Your task: Give back every entry precisely as written, without any of the images.

-- Data shown follows --

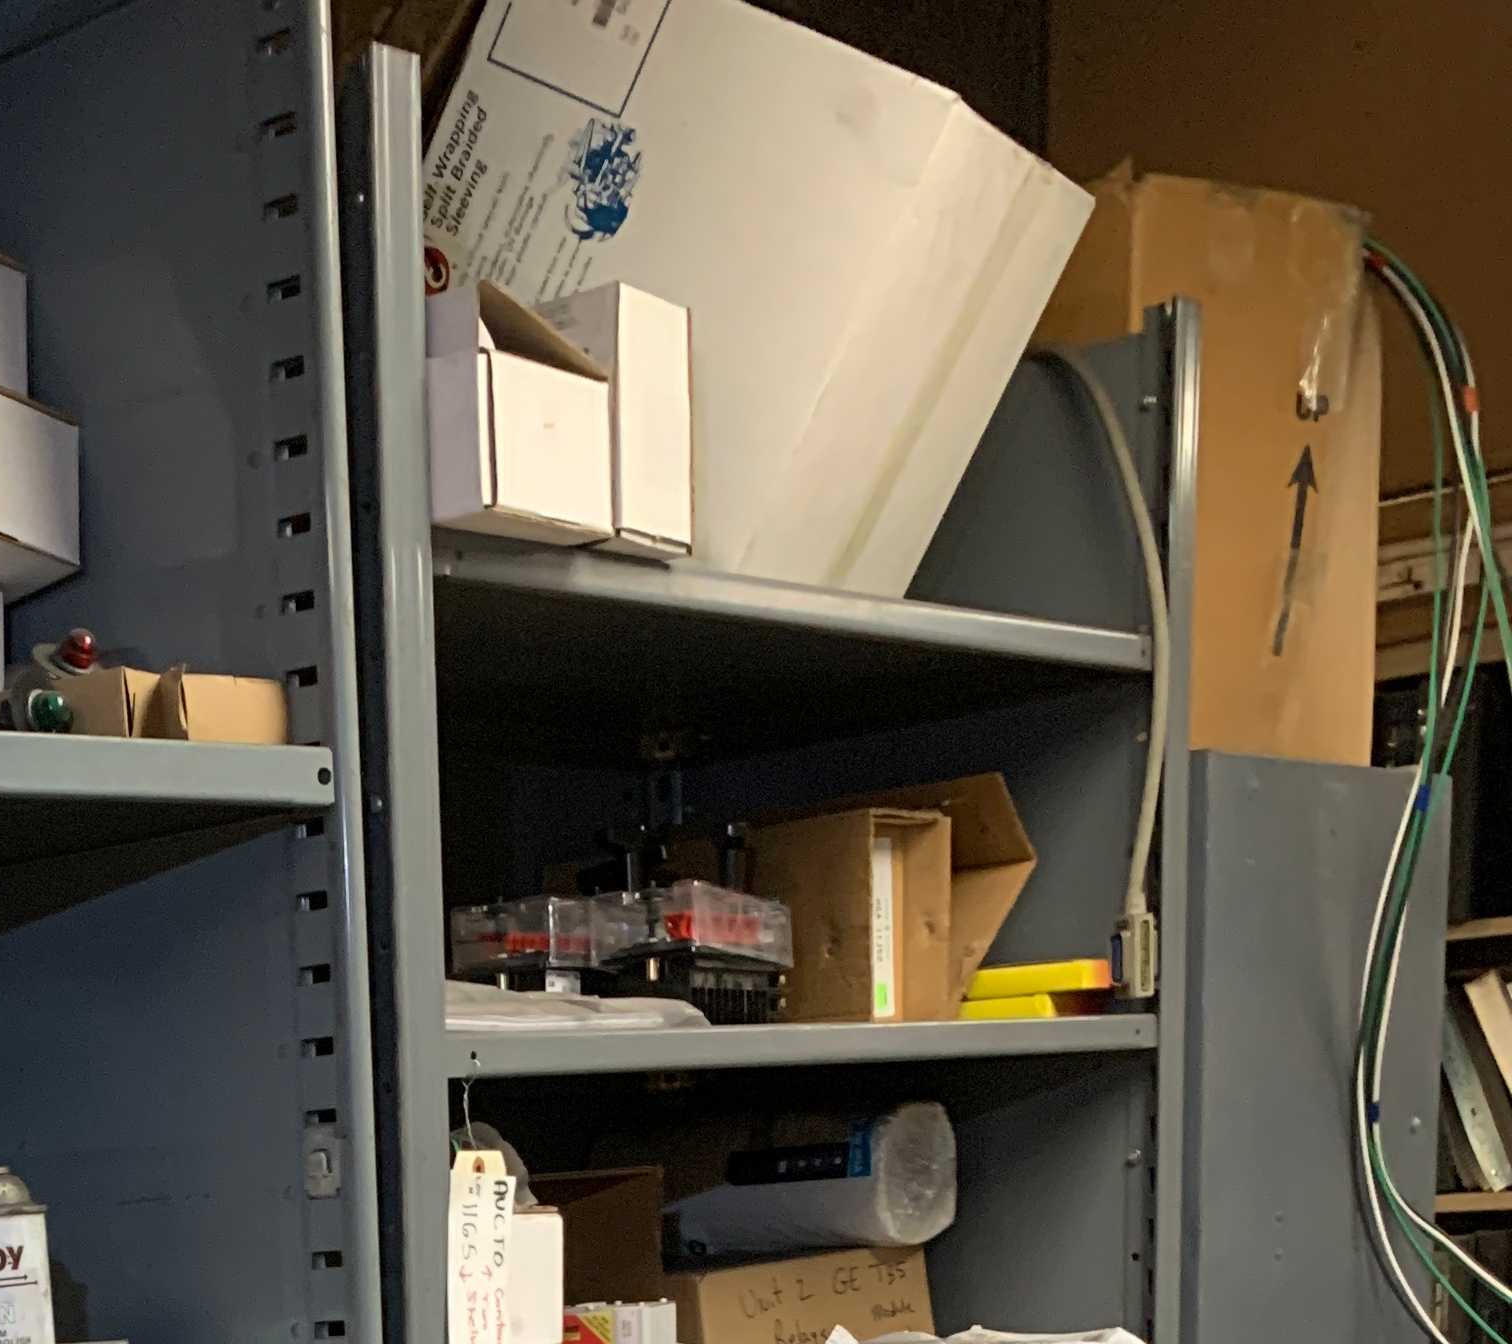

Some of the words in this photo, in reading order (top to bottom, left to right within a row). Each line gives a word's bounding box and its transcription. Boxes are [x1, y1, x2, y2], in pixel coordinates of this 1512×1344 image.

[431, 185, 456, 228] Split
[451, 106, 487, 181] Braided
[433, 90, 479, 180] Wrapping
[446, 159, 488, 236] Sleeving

-- Data shown concluded --

Response box:
Some of the words in this photo, in reading order (top to bottom, left to right within a row). Each line gives a word's bounding box and its transcription. Boxes are [x1, y1, x2, y2], in pixel coordinates of this 1512×1344 image.

[431, 185, 456, 228] Split
[451, 106, 487, 181] Braided
[433, 90, 479, 180] Wrapping
[446, 159, 488, 236] Sleeving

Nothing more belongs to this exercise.